Anneliese, born Anna Elisabeth Michel, grew up in Bavaria, part of West Germany. Her family was devoutly Roman Catholic.

Along with her three sisters and parents, she attended mass twice weekly and was described as withdrawn and very religious by schoolmates.

Nothing was out of the ordinary with her until she was 16, at which point her life began to change dramatically.

9 /10 Touch Of The Devil

At 16, Anneliese suffered a minor seizure that triggered multiple mental symptoms, the most glaring of epileptic psychosis.

She would occasionally go into uncontrollable fits of movement as well as other more drastic hallucinations. She was diagnosed with depression and was placed on medication, but it didn’t do enough after several years.

She checked into a mental hospital, hoping they could work more directly to cure her as the voices she heard were starting to become aggressive, and her convulsions would not stop.



8 /10 Holy Allergy

Anneliese stayed in a mental hospital while her conditions worsened, and her depression led to increased hallucinations.

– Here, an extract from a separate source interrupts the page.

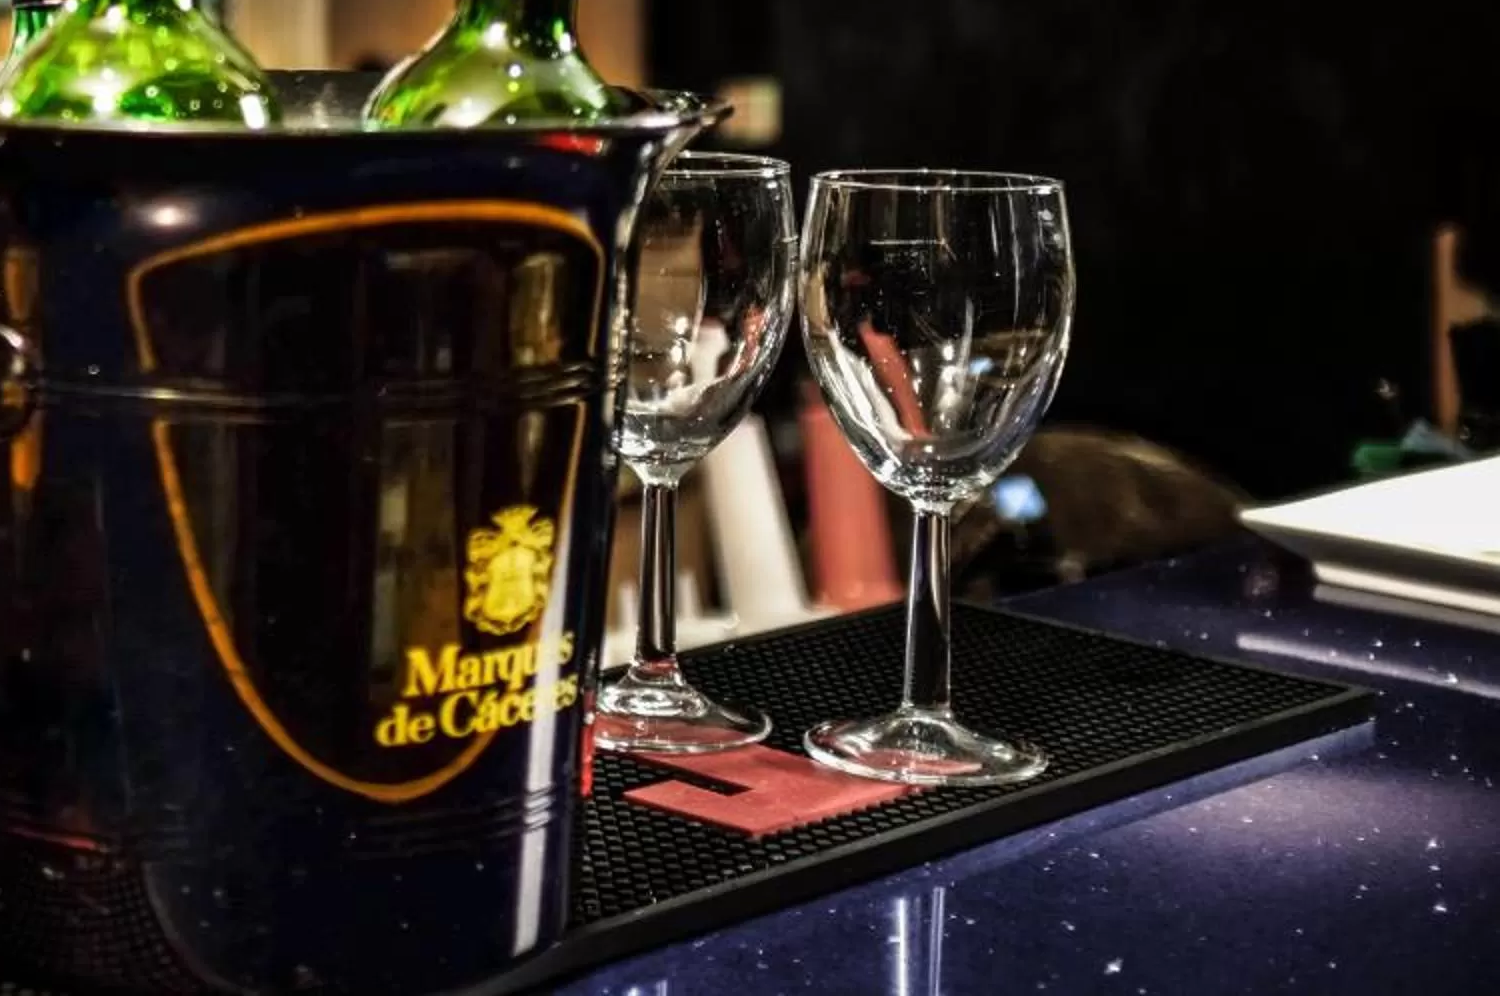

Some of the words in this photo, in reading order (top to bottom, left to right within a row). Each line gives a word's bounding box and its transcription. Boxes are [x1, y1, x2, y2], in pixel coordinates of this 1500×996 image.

[402, 631, 575, 697] Marqus
[374, 704, 436, 747] de
[439, 673, 578, 738] Cácees

he claimed to see “devil faces” in everyday objects and would hear unknown voices telling her she was damned when she prayed.

She also became visibly irritated and intolerant of Christian imagery such as crucifixes.

Her symptoms in these specific circumstances did not have a medical basis but affected her all the same, leading to her family reaching out to priests instead of doctors.

7 /10 Pilgrimage

She went with her family to San Damiano in Italy with a friend who organized Christian pilgrimages.

While there, Anneliese attempted to enter a shrine and drink holy water from a blessed spring, but her body kept her away.

She reported that the soil was hot like fire all around the shrine, and she couldn’t approach. She also couldn’t behold any holy images, saying they were too bright for her eyes and had to look away each time.

Her family became convinced that she was possessed by a demon and required the highest holy order’s help.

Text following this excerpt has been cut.